> _Supplied information_:
== Segment start ==
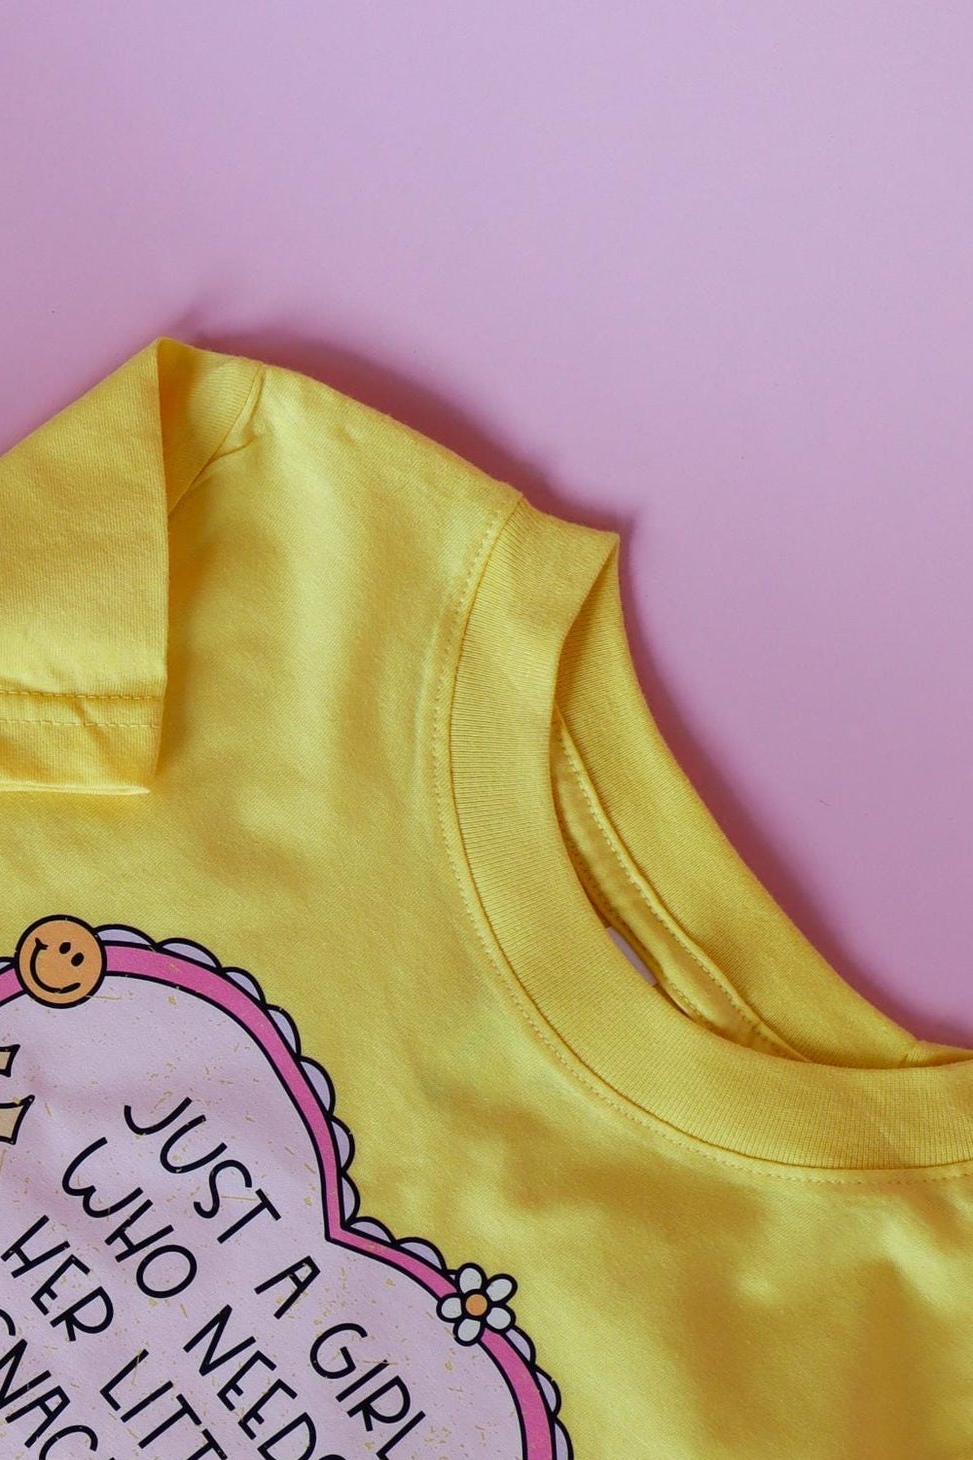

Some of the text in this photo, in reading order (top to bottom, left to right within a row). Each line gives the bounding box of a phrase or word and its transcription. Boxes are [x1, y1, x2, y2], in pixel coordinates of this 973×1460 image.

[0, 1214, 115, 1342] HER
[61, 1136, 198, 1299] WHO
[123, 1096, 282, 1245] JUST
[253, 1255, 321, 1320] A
== Segment end ==
> _Exercise_:
Without the pictures, retype the whole of the material above exactly.

> _Task answer_:
Some of the text in this photo, in reading order (top to bottom, left to right within a row). Each line gives the bounding box of a phrase or word and its transcription. Boxes are [x1, y1, x2, y2], in pixel coordinates of this 973×1460 image.

[0, 1214, 115, 1342] HER
[61, 1136, 198, 1299] WHO
[123, 1096, 282, 1245] JUST
[253, 1255, 321, 1320] A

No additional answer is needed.